Subject: Re: BUFFERCACHE, PR 1903 + tangent: bounce buffers.
To: None <Chris_G_Demetriou@ux2.sp.cs.cmu.edu, michaelv@mindbender.serv.net>
From: Grey Wolf <greywolf@siva.captech.com>
List: current-users
Date: 09/16/1996 10:28:49
# From Chris_G_Demetriou@ux2.sp.cs.cmu.edu Fri Sep 13 20:58:03 1996
#
# 	(4) it's annoying to no longer be able to have the "N percent
# 	    of the first M megs, P percent of the rest" function,
# 	    to better support small-memory systems.

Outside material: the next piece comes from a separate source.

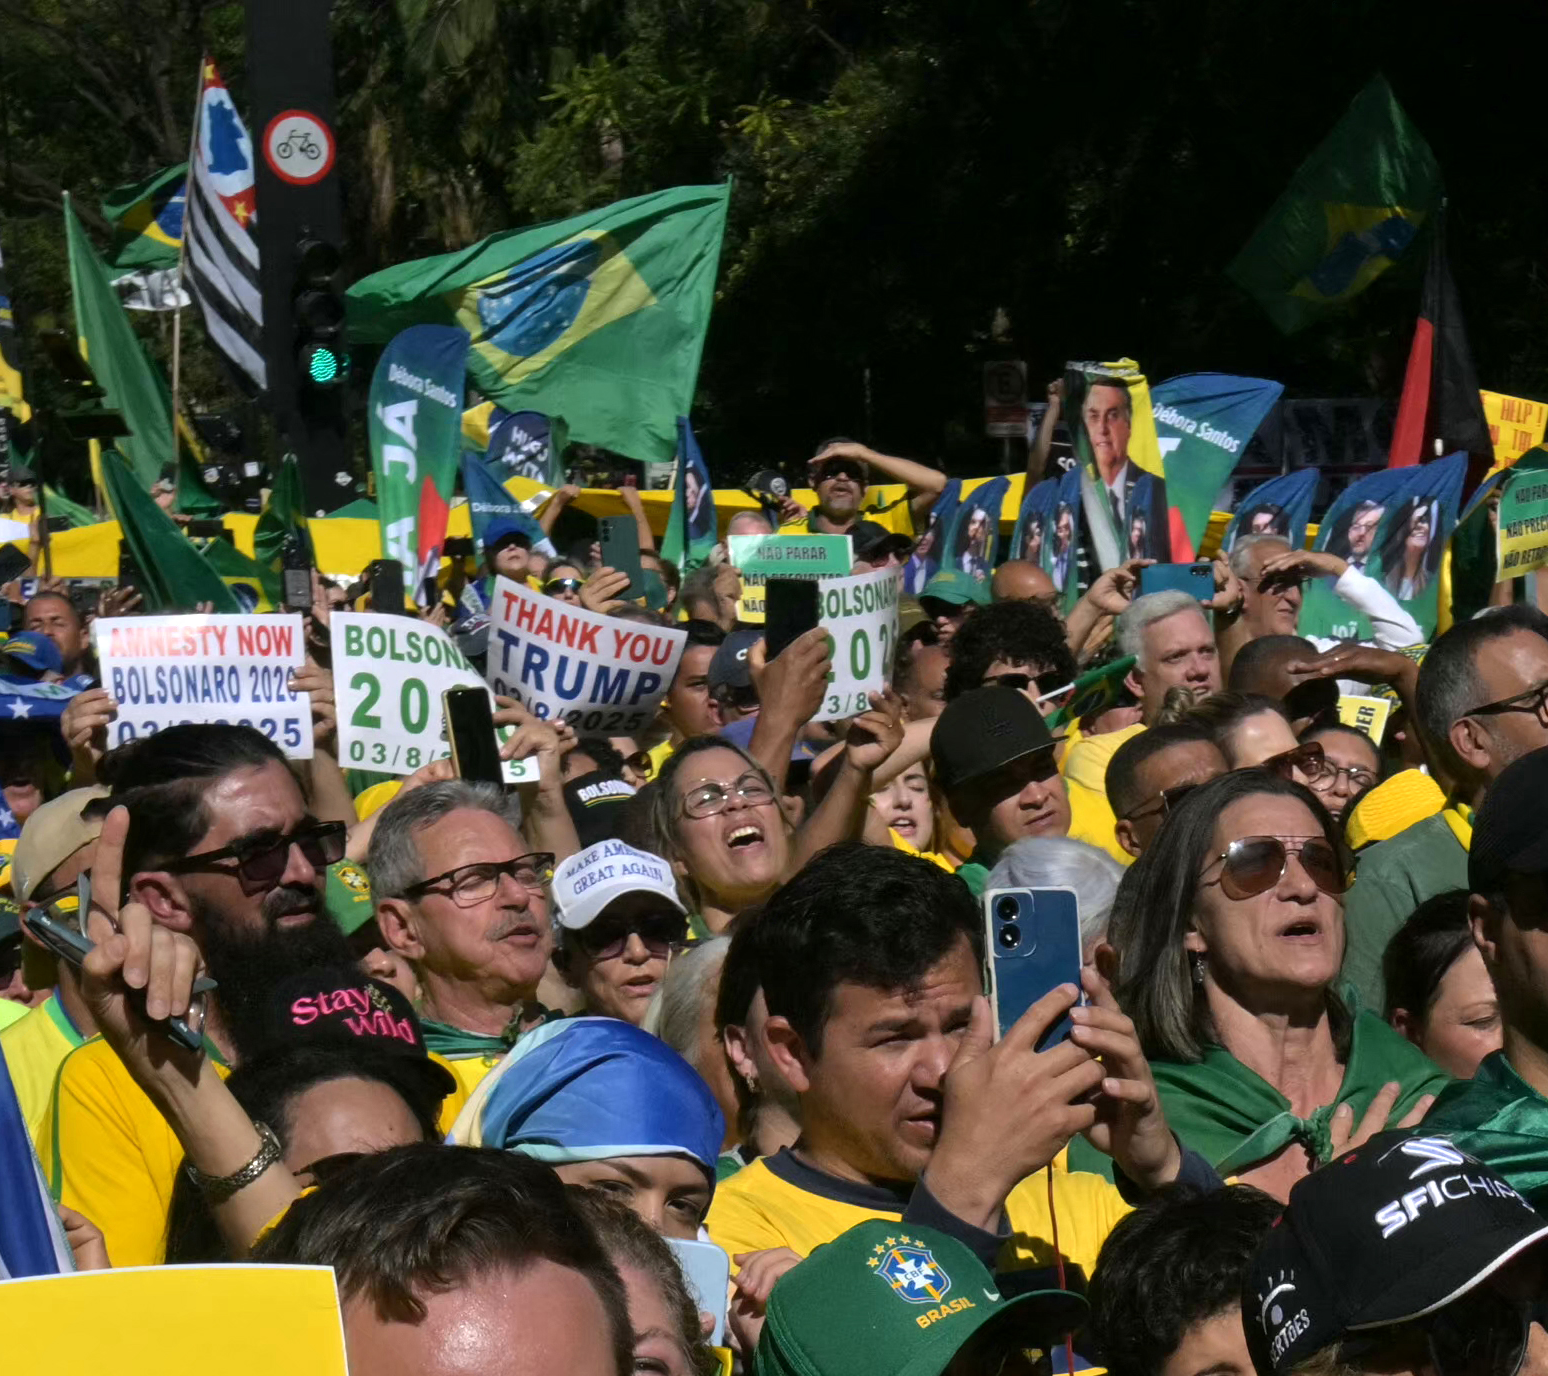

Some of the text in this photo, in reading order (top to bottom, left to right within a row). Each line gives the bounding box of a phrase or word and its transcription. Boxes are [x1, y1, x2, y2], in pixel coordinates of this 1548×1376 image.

This would be a bad thing to lose.

# 
# 	(5) if the user specifies an out-of-range value:
# 		(a) it should not be silently adjusted, in my opinion
# 		    (i.e. issue a #warning), and
# 		(b) (in my opinion) if you are going to adjust it, i'd
# 		    say it should be clamped, not reset,  i.e. if < 5
# 		    then it's 5, and if > 95 then it's 95...  of
# 		    course, if you're issuing a warning, this isn't
# 		    nearly as important, and may just be a waste of
# 		    code.
# 			
# 

Is any attention being paid to

	(6) the VM and buffer caches need to be merged? "-)

# 


[Just checking; this has been bandied about -- or had been, anyway --
 and I'm curious as to where we are on this...]

# cgd
# 

Tangentially....

Someone made the claim that bounce-buffers need to be supported in a MI
fashion.  What other machines besides an ISA x86 box make use of boards
which need to DMA more than 16MB of core? [Chris, was this you?]
I mean the alphas and the HP9000 series (for which we don't yet have
a port) have ISA busses in them -- or some of them do.  But are bounce
buffers CRITICAL to their success?

Just wondering, because it seems that the only one which needs DMA for
things like disk access (something REAL important) is the x86.  I think
we should probably stick bounce-buffering into the x86 and be done with it.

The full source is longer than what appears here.